Parents, you’ve survived the first semester of school. You might be tempted at this time of year to coast until the holidays. I urge you, resist this temptation. By this time in the semester, your child is probably showing some patterns—good or bad—in the classroom and at home. Notice how he’s doing. Is he struggling? Is he enjoying it? Is he having consistent problems in the same subject?

This is a perfect time to tackle any issues your child is having at school to ensure the rest of the year goes smoothly. While each child is unique, I have noticed common problems with each age group. They are not permanent problems. They can be fixed, but you will have to notice them and be proactive.  

Kindergarten— 

Children in these grades are still adjusting to their new life at school. You may notice that they are fatigued, have a hard time concentrating or are irritable. This is normal and typically means your child is tired and needs extra rest. Pull back on the extracurricular activities and allow your child to have more downtime. 

1st Grade—

Since this is typically the year when students begin learning more complex subjects like reading and math, you might notice your child is struggling more at school. Talk to his teacher to make sure he isn’t behind. If he is, go ahead and get him tested for any learning disabilities. As long as he doesn’t test for reading issues, he will probably be fine and will catch up with the rest of the class soon. 

2nd, 3rd and 4th Grade—

These are the years when it’s tempting to overschedule your kids. They begin to show interest in sports and music and what their peers are doing. If you notice your child is acting irritable or anxious this time of year, it’s probably because she is doing too much. Dial down the activities. Most children can’t handle three nights or afternoons a week of extra-curricular. 

5th, 6th and 7th Grade—

These are tough years, as I’m sure you know. Kids are going through puberty, they feel anxious around the opposite sex, and their self-esteem is low. If you notice your child is struggling in school or socially, talk to him about it. Don’t talk to him about it right after school. He needs time to decompress. Talk to him when he has energy. Your child will need extra attention from you at this age. Resist the urge to disconnect no matter how different or difficult your child seems as he grows into a teen.

8th and 9th Grade—

These years receive a double whammy. Academics get harder and social media usage typically ramps up at this age. At this time, social circles have been defined, and if your child feels like she doesn’t belong to one, this will make everything more difficult. Pay attention to your child’s moods for a couple of weeks. If you notice anything is off, it could be due to social pressures, too much time on social media or academic troubles. Learning disabilities often surface during this time since academics become more rigorous. Get your child tested if you are concerned. 

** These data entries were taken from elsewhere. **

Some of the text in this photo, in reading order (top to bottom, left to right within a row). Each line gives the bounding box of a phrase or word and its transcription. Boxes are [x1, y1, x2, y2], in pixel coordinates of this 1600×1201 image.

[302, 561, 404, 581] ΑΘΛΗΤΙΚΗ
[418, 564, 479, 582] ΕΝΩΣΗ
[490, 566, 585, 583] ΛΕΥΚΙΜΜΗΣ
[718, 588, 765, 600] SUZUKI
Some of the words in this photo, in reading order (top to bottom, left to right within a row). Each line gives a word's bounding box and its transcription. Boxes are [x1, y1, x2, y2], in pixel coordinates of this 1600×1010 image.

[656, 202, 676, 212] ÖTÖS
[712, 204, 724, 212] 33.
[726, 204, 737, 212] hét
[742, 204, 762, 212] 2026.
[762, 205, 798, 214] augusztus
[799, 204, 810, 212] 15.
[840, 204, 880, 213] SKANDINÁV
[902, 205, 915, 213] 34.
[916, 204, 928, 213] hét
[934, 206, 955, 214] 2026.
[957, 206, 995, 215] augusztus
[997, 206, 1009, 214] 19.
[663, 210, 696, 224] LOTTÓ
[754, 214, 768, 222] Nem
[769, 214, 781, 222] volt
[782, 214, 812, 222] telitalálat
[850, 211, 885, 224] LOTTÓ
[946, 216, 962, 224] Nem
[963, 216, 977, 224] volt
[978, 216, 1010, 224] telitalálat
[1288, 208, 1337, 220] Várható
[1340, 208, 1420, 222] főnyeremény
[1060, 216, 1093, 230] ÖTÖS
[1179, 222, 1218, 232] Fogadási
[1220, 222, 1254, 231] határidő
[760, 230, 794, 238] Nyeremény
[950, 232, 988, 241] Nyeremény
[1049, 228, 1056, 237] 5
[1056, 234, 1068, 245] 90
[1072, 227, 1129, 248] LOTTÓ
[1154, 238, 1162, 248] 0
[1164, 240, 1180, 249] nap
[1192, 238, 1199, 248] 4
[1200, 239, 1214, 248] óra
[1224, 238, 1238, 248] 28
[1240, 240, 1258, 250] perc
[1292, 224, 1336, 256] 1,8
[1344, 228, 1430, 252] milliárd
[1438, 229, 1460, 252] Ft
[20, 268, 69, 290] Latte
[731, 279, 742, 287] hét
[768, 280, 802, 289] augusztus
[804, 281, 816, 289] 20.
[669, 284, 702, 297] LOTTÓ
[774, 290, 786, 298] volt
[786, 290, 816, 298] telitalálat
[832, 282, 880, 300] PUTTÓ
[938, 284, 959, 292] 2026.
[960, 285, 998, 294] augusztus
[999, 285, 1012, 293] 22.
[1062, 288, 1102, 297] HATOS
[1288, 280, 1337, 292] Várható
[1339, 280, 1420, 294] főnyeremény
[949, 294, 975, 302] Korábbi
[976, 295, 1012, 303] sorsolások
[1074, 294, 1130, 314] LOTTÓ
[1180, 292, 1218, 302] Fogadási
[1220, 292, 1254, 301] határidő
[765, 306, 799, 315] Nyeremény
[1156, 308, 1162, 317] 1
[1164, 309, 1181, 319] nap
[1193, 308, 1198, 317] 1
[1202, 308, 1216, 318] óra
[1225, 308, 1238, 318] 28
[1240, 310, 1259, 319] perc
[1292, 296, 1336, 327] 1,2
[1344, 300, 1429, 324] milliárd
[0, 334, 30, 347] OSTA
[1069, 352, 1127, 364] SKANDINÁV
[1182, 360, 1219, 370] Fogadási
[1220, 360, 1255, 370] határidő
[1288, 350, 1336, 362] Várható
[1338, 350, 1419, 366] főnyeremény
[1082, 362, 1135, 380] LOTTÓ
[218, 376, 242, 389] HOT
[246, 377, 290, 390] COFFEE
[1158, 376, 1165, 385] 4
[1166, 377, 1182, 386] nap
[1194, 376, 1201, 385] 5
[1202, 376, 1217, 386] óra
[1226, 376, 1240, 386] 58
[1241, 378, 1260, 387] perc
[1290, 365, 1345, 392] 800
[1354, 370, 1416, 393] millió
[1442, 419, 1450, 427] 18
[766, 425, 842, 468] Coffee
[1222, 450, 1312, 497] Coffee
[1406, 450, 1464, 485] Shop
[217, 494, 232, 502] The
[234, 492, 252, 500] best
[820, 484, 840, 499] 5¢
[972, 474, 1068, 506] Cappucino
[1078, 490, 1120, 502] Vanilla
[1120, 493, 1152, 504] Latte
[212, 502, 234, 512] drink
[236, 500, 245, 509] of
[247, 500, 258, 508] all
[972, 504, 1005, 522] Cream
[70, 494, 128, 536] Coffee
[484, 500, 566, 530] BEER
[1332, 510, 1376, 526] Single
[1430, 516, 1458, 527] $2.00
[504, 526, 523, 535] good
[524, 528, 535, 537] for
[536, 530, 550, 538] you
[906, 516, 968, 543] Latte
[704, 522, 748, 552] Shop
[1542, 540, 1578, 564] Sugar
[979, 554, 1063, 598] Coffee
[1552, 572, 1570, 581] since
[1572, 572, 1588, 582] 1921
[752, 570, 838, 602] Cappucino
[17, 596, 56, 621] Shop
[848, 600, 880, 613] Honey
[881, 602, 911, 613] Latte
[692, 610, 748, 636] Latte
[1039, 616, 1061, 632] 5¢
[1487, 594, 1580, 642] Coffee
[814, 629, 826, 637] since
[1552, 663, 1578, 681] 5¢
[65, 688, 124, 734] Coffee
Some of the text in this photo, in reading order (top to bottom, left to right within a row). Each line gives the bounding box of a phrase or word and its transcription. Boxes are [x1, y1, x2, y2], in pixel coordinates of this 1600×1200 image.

10th, 11th and 12th Grade—

While at first your teen was excited to start school, reunite with friends and begin choir or sports practice again, by this time in the year that excitement as worn off. Academics are more difficult. They’re feeling extra pressure because they know more is expected from them during these years. 

Problems tend to arise in relationships, schoolwork, and stress over applying for college. See if your child seems to be anxious in any of these areas and talk to her about them. With college applications and schoolwork, time management could be a problem. Help her think through her schedule to make sure she isn’t too overbooked.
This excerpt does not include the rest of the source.